Saturday, April 23, 2005


The other day I came out of the Internet cafe and said hello to the owner of Nike's Pizza House, located right next door. (Originally it was named 'Nikee's', with that extra 'e', but the owner said that some foreigners said that 'Nike' was a famous shoe brand that customers would recognize right away. So, in went the new 'e'.)

"How are you?" the owner said. He is a Chinese Khmer who is always smiling and always talking; despite the fact that he has eight, count 'em, eight, children, he apparently doesn't lack energy. (I personally side with the theme song of the old seventies Dick Van Patten show, that eight is enough to fill our lives with joy.

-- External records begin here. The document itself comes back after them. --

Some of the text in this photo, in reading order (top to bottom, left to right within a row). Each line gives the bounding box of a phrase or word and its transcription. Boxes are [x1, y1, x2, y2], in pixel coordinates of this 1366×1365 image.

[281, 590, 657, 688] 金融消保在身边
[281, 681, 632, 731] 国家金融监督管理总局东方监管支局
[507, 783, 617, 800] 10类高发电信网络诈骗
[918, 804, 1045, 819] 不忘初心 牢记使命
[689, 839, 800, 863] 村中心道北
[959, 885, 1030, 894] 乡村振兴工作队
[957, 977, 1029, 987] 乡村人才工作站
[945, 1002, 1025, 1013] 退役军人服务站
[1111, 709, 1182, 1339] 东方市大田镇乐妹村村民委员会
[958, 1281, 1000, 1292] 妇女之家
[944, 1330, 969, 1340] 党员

But that's just me.)

We chatted for a minute. He asked how my work was, and I told him that I wasn't teaching anymore (though I might be soon), that I had moved on to a different job.

He was a bit confused.

"You only have one job?" he asked.

"Yeah," I said.

"Why don't you have two jobs?"

A pause.

"Well," I said, "one's enough for me."

He smiled and nodded and looked a little bit confused.

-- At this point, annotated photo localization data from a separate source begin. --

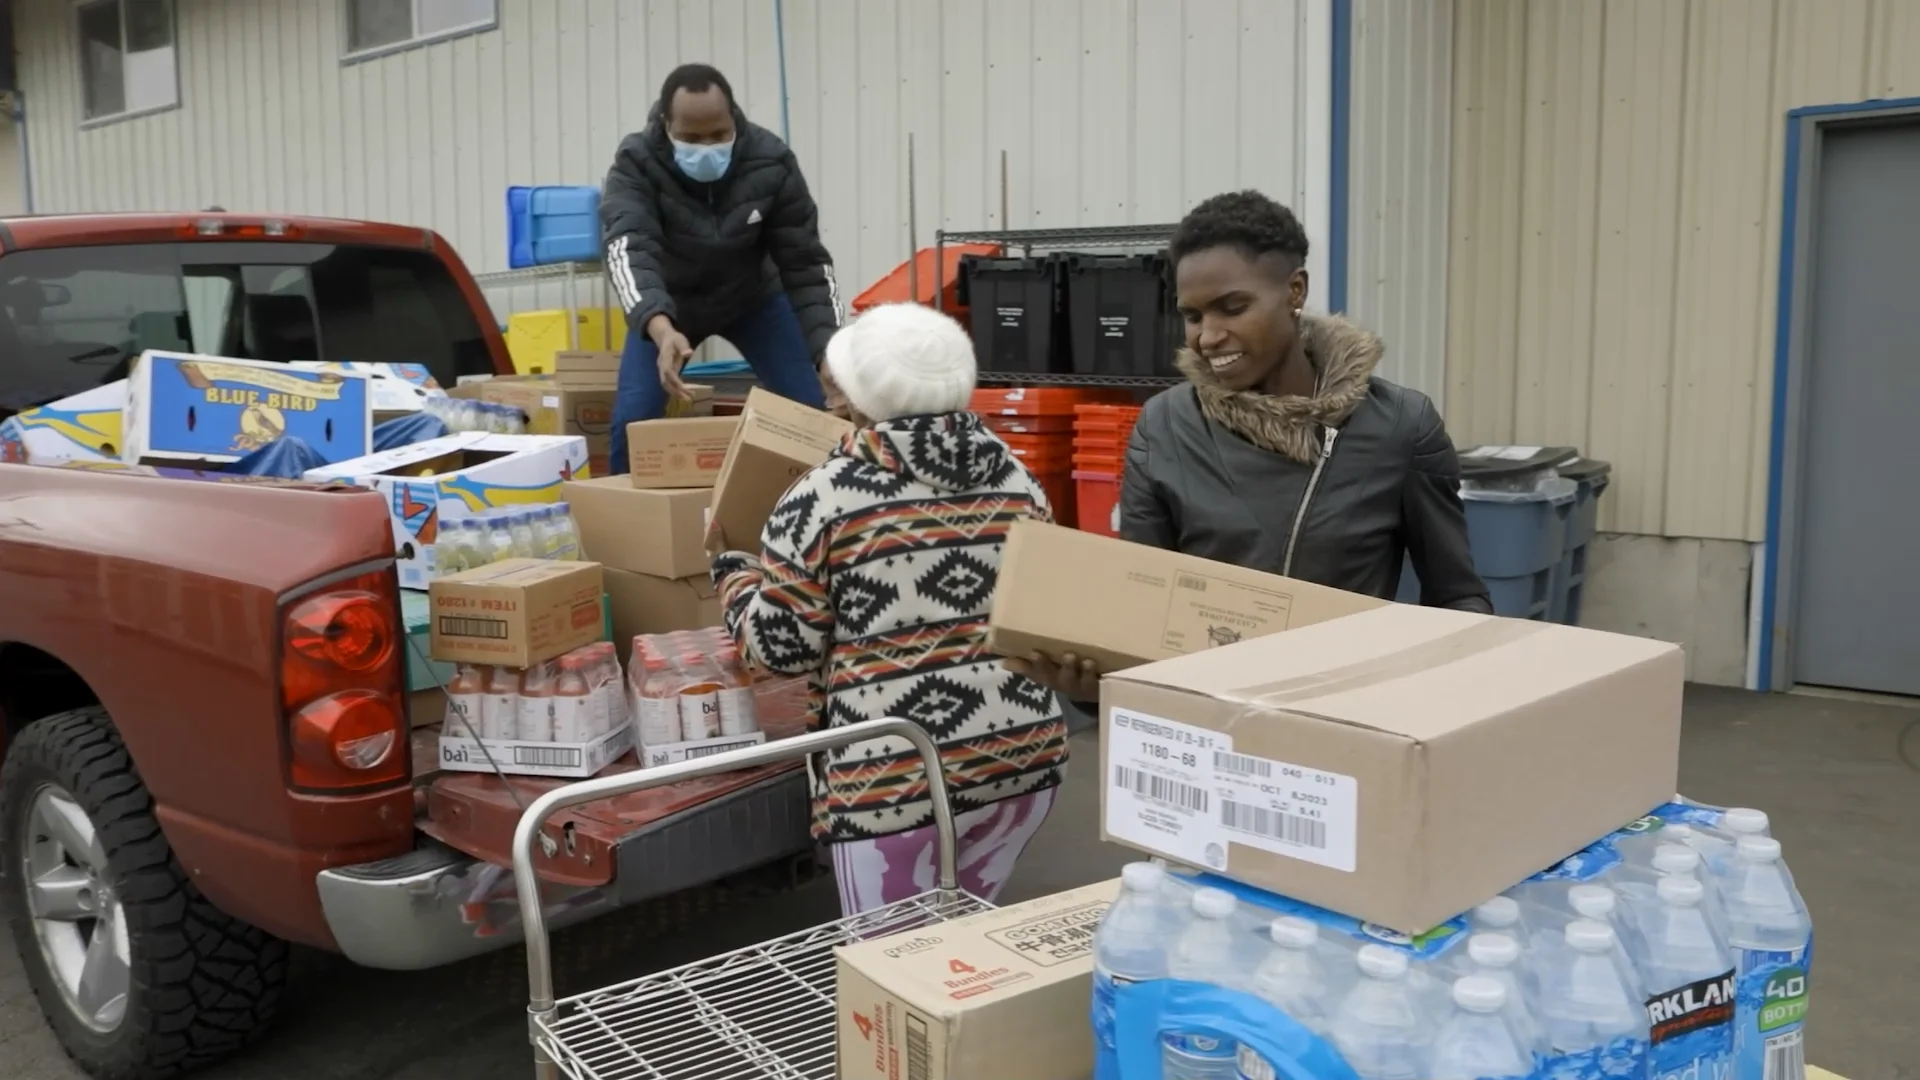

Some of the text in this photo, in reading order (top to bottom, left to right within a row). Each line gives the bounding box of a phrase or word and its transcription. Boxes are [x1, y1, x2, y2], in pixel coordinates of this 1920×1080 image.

[206, 387, 318, 412] BLUE BIRD
[481, 599, 517, 612] ITEM
[702, 701, 718, 715] ba
[443, 744, 469, 763] bai
[1260, 784, 1281, 795] OCT
[943, 966, 1010, 989] Bundles
[947, 958, 977, 975] 4
[1765, 976, 1805, 998] 40
[1647, 976, 1735, 1026] RKLAN
[852, 1010, 874, 1042] 4
[874, 1003, 886, 1073] Bundles

In Cambodia, I have always held the belief that Cambodians are, well, a little bit lazy.

Intelligent, yes, and compassionate, sure, but most Cambodians will do the absolute minimum of work necessary to get the job done. (This is not necessarily a bad thing; the opposite, overwork to the point of exhaustion, is not necessarily the greatest of endeavors.) There is an old expression: The Vietnamese plant the rice; the Cambodians watch it grow; and the Laotians listen to it sing.

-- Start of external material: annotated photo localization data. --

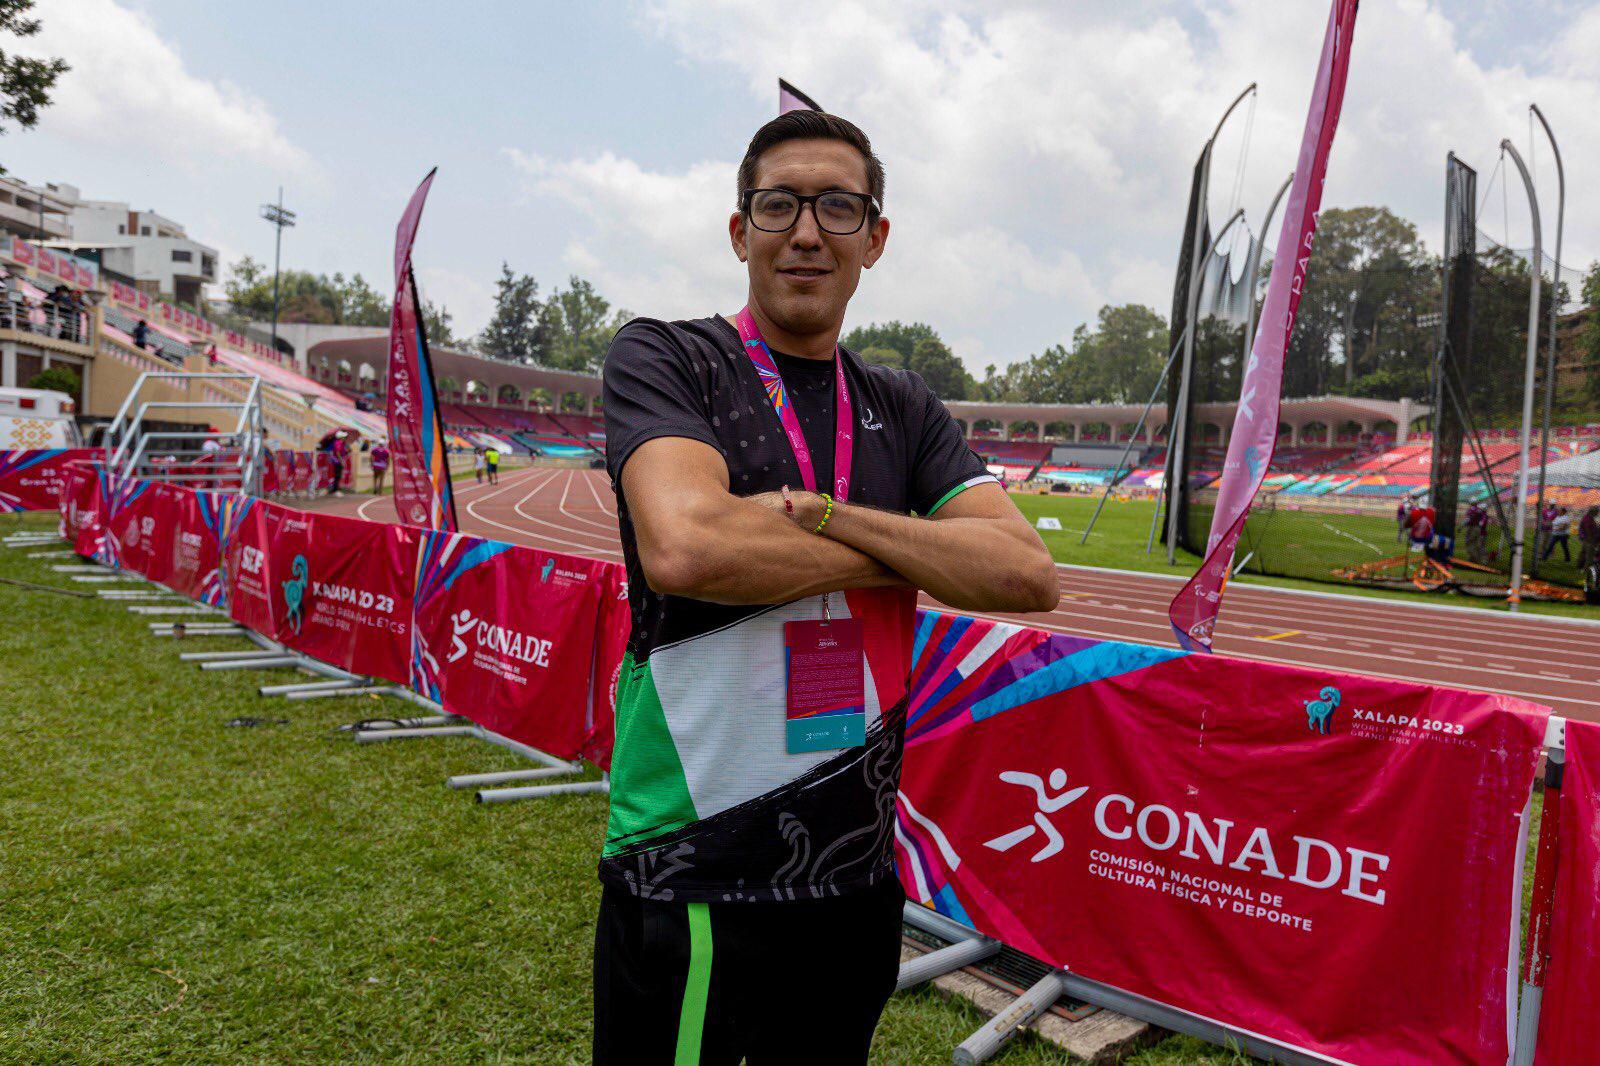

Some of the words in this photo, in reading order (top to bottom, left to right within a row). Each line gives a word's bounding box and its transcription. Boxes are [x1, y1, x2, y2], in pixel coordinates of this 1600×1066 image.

[476, 621, 553, 668] CONADE
[1353, 708, 1418, 729] XALAPA
[1422, 719, 1465, 736] 2023
[1089, 849, 1166, 877] COMISIÓN
[1170, 870, 1255, 901] NACIONAL
[1259, 892, 1284, 908] DE
[1094, 794, 1391, 906] CONADE
[1088, 863, 1157, 891] CULTURA
[1161, 882, 1212, 907] FÍSICA
[1217, 897, 1228, 909] Y
[1232, 901, 1313, 932] DEPORTE

But the pizza shop owner's comments stuck with me, because I've heard them before, from different people, in different variations.

Most Cambodians, by necessity, work two, three jobs. The students I used to teach at the university usually went to two or even three universities -- one in the morning, afternoon and evening, the philosophy being: one degree is great, but why not go for three B.A.s at the same time?

(Which, of course, leads to situations in which the students never complete their homework because, teacher, they have to finish their homework from their other schools, and weekly, sometimes daily (hourly?) scenarios where students high-tail it out of your class because you see, teacher, they have to go write an exam at their other university.)

Still, I realize I was wrong to a certain extent; I bought into the stereotypes I usually spend so much time trying to tear down. Cambodians are workers; they will work two or three jobs and not complain. (I can't see many westerners doing that.) They work because they have to, and they need to; my perceived vision of them being 'lazy' stems from the fact that they do not do more than they humanly have to to get by in life.

Which, when you think about it, is not all that bad a philosophy to live by.

It leaves time for other things in life, like life.